Barbarians at the gates

Semper felinus.

An old friend and colleague, Steve Frothingham of Bicycle Retailer and Industry News, popped round for a short visit yesterday, bringing his special lady Diane and their two largish dogs.

The chair recognizes the Minister for Photography.

Field Marshal Turkish von Turkenstein (commander, 1st Feline Home Defense Regiment) immediately declared a red alert, and he and aide-de-camp Miss Mia Sopaipilla stationed themselves at the sliding glass door leading to the back patio, both of them puffed up to Death Star size.

Mister Boo, a 4-F, conscientious objector and suspected canine sympathizer, was interned in the kitchen, where he sang “Kumbaya” softly to himself before nodding off to dream of lunch, snacks and dinner.

Once the invaders had retreated the all-clear was sounded and the commander and his staff assumed a more relaxed defense posture.

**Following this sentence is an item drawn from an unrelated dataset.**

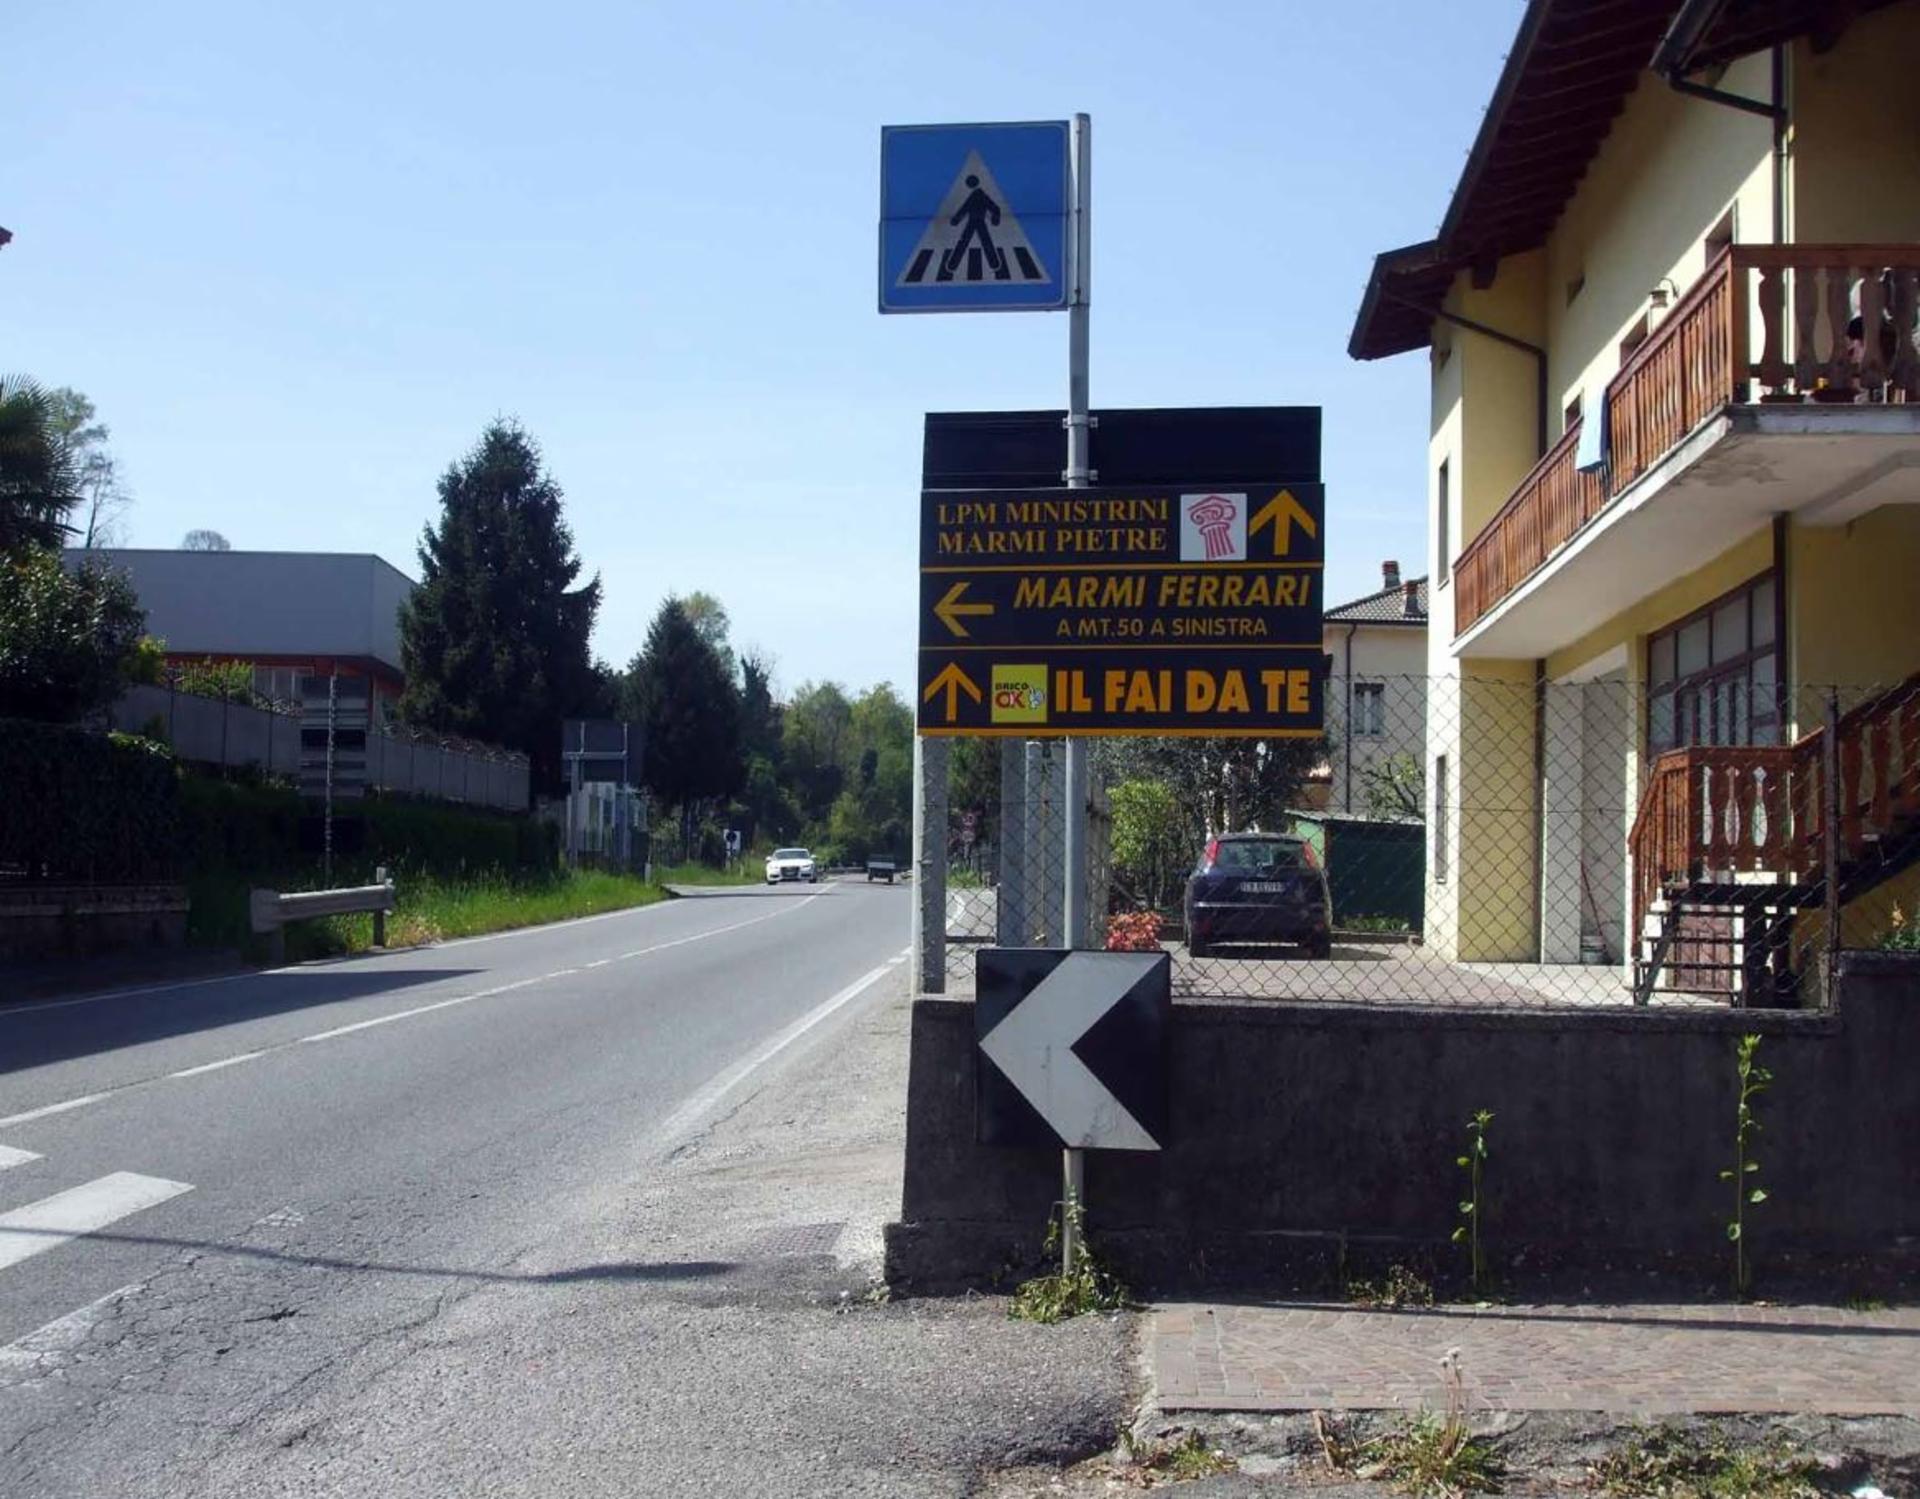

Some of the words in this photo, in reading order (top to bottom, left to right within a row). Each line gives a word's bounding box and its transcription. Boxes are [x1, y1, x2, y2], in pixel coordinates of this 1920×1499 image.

That is all.

Finally, Friday

Early in the week the Fuji Touring Disc and I got our kicks on Route 66.

It’s been a productive week around the old rumormongery.

I edited and shipped two short videos for Adventure Cyclist; continued my evaluation of the latest review model, a Fuji Touring Disc; and wrote a column and drew a cartoon for Bicycle Retailer and Industry News.

Cha-ching! Just back that armored car up to the vault, boys, and start shoveling. I’ll be on the patio contemplating my investment portfolio.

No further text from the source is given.